Records shown>
###

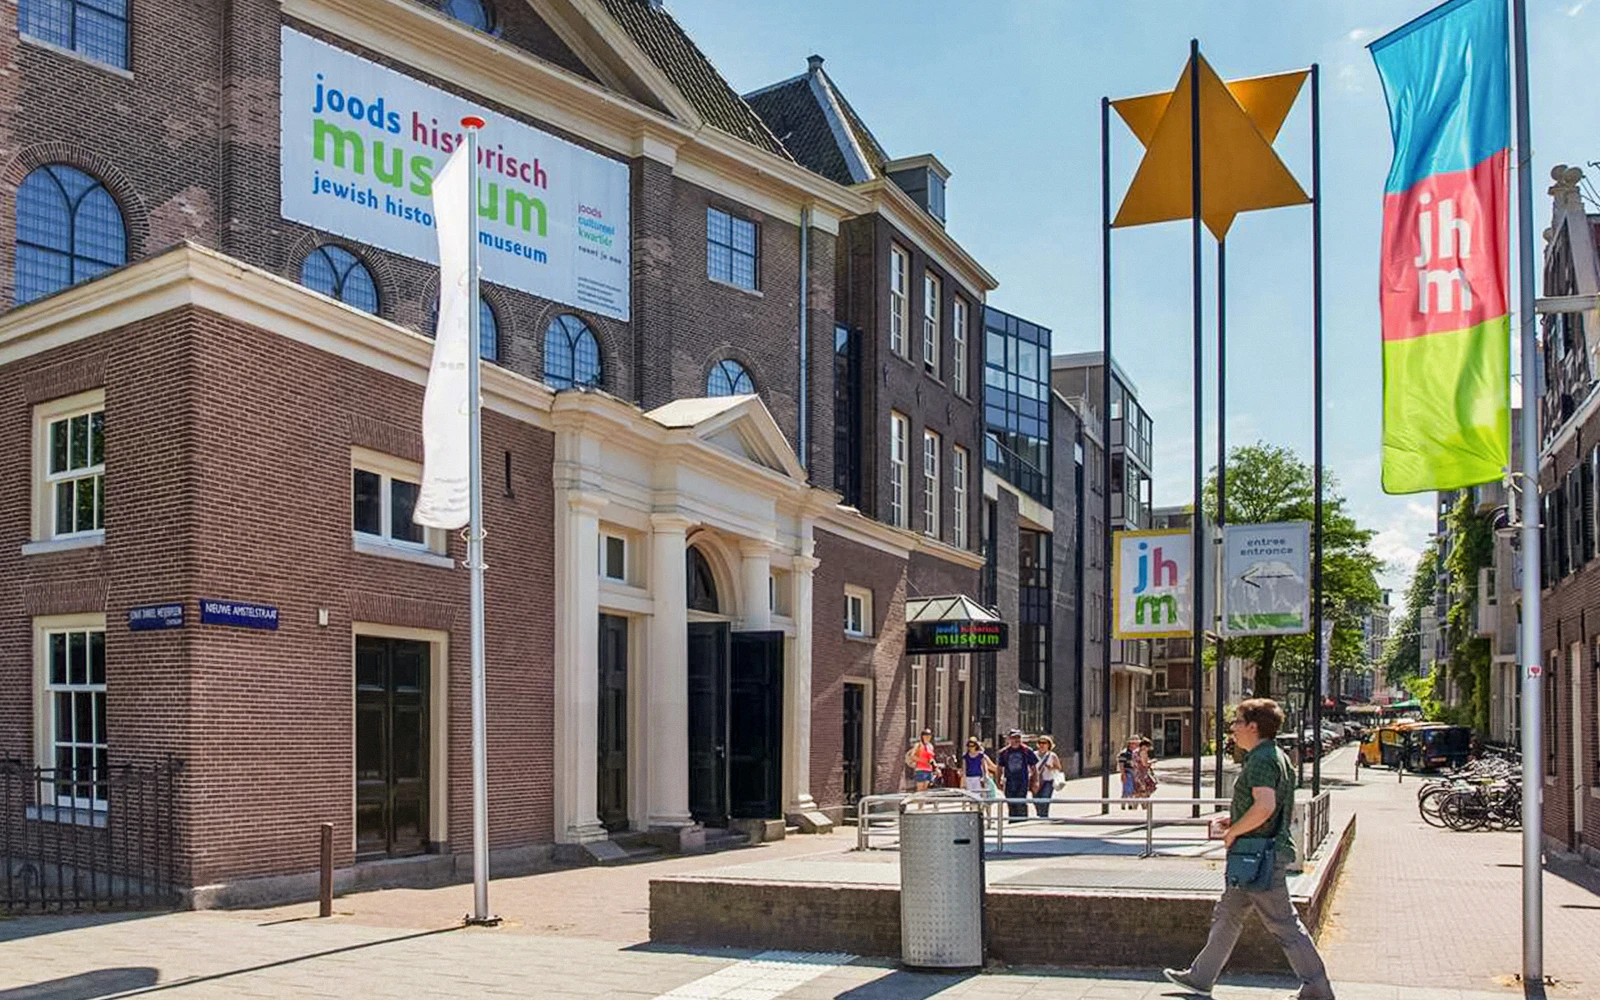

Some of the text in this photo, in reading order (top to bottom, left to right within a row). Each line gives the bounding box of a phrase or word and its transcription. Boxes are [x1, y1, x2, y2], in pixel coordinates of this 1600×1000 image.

[312, 73, 401, 134] joods
[313, 118, 547, 237] musum
[312, 171, 378, 209] jewish
[478, 231, 547, 264] museum
[1414, 192, 1471, 268] jh
[1418, 268, 1472, 313] m
[1240, 547, 1294, 556] entrance
[1247, 538, 1286, 547] entree
[1132, 541, 1178, 594] jh
[232, 606, 277, 619] AMSTELSTRAAT
[1135, 594, 1178, 625] m
[935, 634, 1000, 645] museum

###

Work required> The answer is the records above, repeated exactly, with no picture in it.

Exercise response>
Some of the text in this photo, in reading order (top to bottom, left to right within a row). Each line gives the bounding box of a phrase or word and its transcription. Boxes are [x1, y1, x2, y2], in pixel coordinates of this 1600×1000 image.

[312, 73, 401, 134] joods
[313, 118, 547, 237] musum
[312, 171, 378, 209] jewish
[478, 231, 547, 264] museum
[1414, 192, 1471, 268] jh
[1418, 268, 1472, 313] m
[1240, 547, 1294, 556] entrance
[1247, 538, 1286, 547] entree
[1132, 541, 1178, 594] jh
[232, 606, 277, 619] AMSTELSTRAAT
[1135, 594, 1178, 625] m
[935, 634, 1000, 645] museum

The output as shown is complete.